**TO DO**
Copy the records below exactly as they are written.

**DATA PROVIDED**
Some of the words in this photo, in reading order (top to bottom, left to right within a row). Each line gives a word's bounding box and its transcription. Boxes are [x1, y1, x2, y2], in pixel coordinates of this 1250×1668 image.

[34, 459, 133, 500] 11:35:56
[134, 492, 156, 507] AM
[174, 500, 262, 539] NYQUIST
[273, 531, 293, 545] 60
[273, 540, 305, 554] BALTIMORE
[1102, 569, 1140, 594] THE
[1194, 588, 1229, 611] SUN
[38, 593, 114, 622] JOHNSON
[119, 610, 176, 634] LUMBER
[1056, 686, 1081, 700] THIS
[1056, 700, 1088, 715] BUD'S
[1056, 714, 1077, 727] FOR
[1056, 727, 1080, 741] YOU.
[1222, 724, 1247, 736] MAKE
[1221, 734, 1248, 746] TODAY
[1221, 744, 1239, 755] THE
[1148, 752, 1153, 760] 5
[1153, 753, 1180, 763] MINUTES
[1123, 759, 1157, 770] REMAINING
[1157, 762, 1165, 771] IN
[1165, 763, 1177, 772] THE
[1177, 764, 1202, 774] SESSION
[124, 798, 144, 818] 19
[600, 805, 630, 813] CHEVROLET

**OUTPUT FOR THIS EXERCISE**
Some of the words in this photo, in reading order (top to bottom, left to right within a row). Each line gives a word's bounding box and its transcription. Boxes are [x1, y1, x2, y2], in pixel coordinates of this 1250×1668 image.

[34, 459, 133, 500] 11:35:56
[134, 492, 156, 507] AM
[174, 500, 262, 539] NYQUIST
[273, 531, 293, 545] 60
[273, 540, 305, 554] BALTIMORE
[1102, 569, 1140, 594] THE
[1194, 588, 1229, 611] SUN
[38, 593, 114, 622] JOHNSON
[119, 610, 176, 634] LUMBER
[1056, 686, 1081, 700] THIS
[1056, 700, 1088, 715] BUD'S
[1056, 714, 1077, 727] FOR
[1056, 727, 1080, 741] YOU.
[1222, 724, 1247, 736] MAKE
[1221, 734, 1248, 746] TODAY
[1221, 744, 1239, 755] THE
[1148, 752, 1153, 760] 5
[1153, 753, 1180, 763] MINUTES
[1123, 759, 1157, 770] REMAINING
[1157, 762, 1165, 771] IN
[1165, 763, 1177, 772] THE
[1177, 764, 1202, 774] SESSION
[124, 798, 144, 818] 19
[600, 805, 630, 813] CHEVROLET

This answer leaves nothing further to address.